Year | Aug | Sep | Oct | Nov | Dec | Annual |
---|---|---|---|---|---|---|

2003 |
184.6 | 185.2 | 185.0 | 184.5 | 184.3 | 184.0 |

2004 |
189.5 | 189.9 | 190.9 | 191.0 | 190.3 | 188.9 |

2005 |
196.4 | 198.8 | 199.2 | 197.6 | 196.8 | 195.3 |

2006 |
203.9 | 202.9 | 201.8 | 201.5 | 201.8 | 201.6 |

2007 |
207.917 | 208.490 | 208.936 | 210.177 | 210.036 | 207.342 |

2008 |
219.086 | 218.783 | 216.573 | 212.425 | 210.228 | 215.303 |

2009 |
215.834 | 215.969 | 216.177 | 216.330 | 215.949 | 214.537 |

2010 |
218.312 | 218.439 | 218.711 | 218.803 | 219.179 | 218.056 |

2011 |
226.545 | 226.889 | 226.421 | 226.230 | 225.672 | 224.939 |

2012 |
230.379 | 231.407 | 231.317 | 230.221 | 229.601 | 229.594 |

The following table is a portion of a data set from a banking website; use the table to construct a time series graph for CO_{2} emissions for the United States:

CO_{2} Emissions |
|||
---|---|---|---|

Ukraine | United Kingdom | United States | |

2003 | 352,259 | 540,640 | 5,681,664 |

2004 | 343,121 | 540,409 | 5,790,761 |

2005 | 339,029 | 541,990 | 5,826,394 |

2006 | 327,797 | 542,045 | 5,737,615 |

2007 | 328,357 | 528,631 | 5,828,697 |

2008 | 323,657 | 522,247 | 5,656,839 |

2009 | 272,176 | 474,579 | 5,299,563 |

#### Uses of a Time Series Graph

Time series graphs are important tools in various applications of statistics.
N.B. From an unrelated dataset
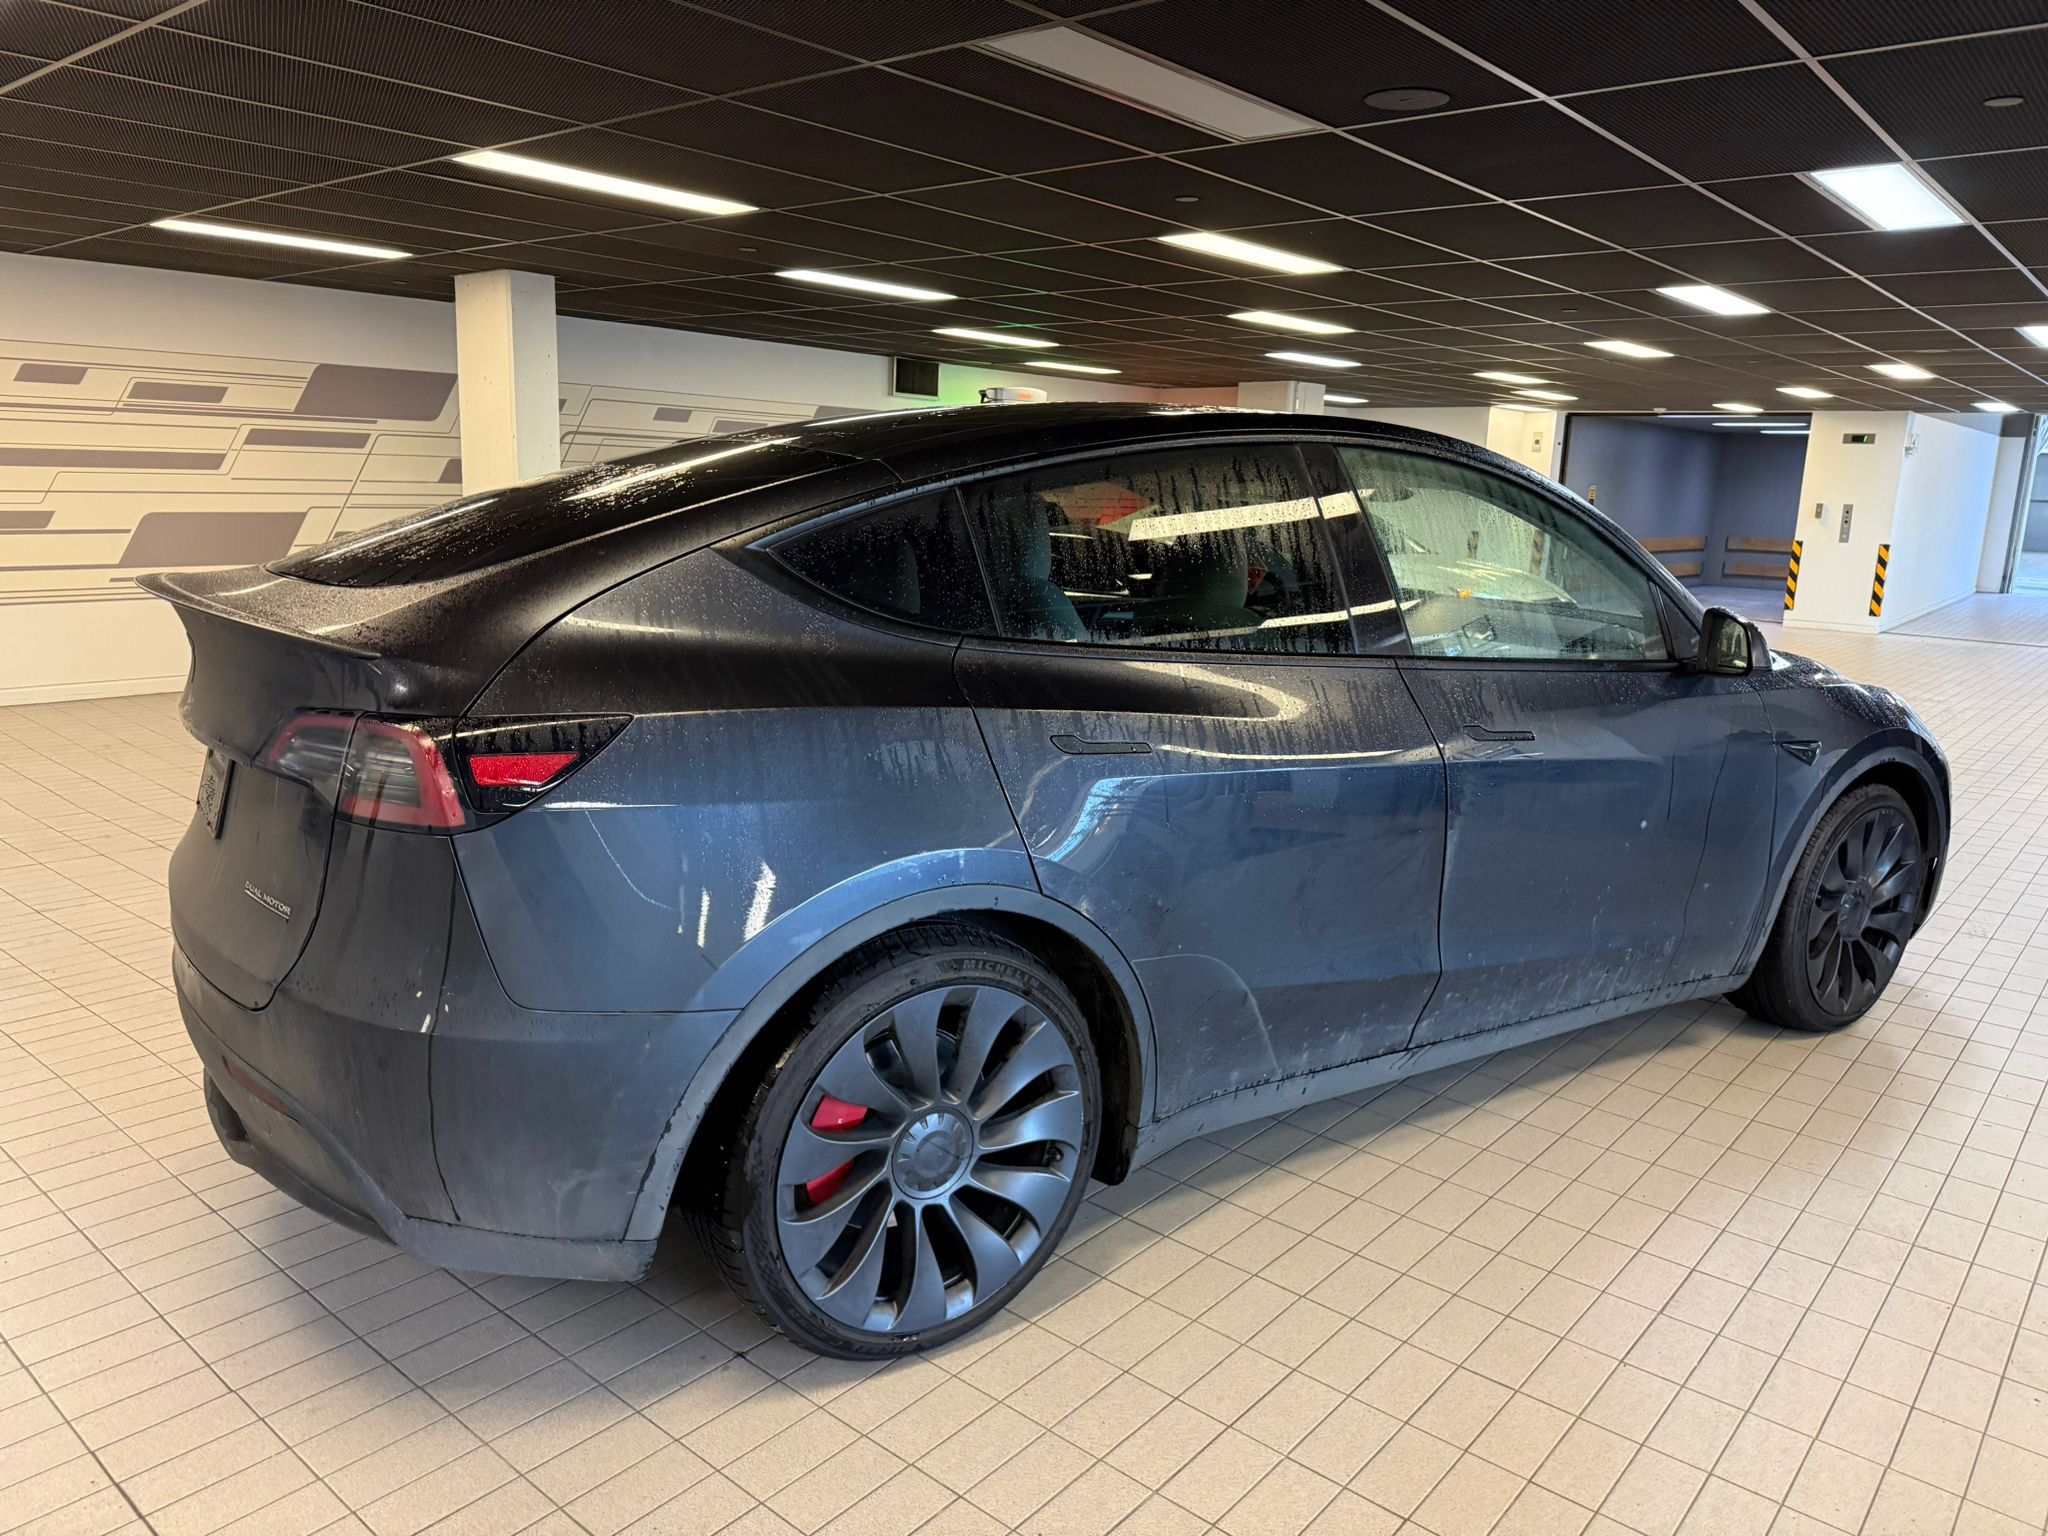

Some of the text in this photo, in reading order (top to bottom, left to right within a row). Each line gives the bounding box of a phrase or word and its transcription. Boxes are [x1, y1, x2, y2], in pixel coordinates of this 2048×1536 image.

When a researcher records values of the same variable over an extended period of time, it is sometimes difficult for him or her to discern any trend or pattern. However, once the same data points are displayed graphically, some features jump out. Time series graphs make trends easy to spot.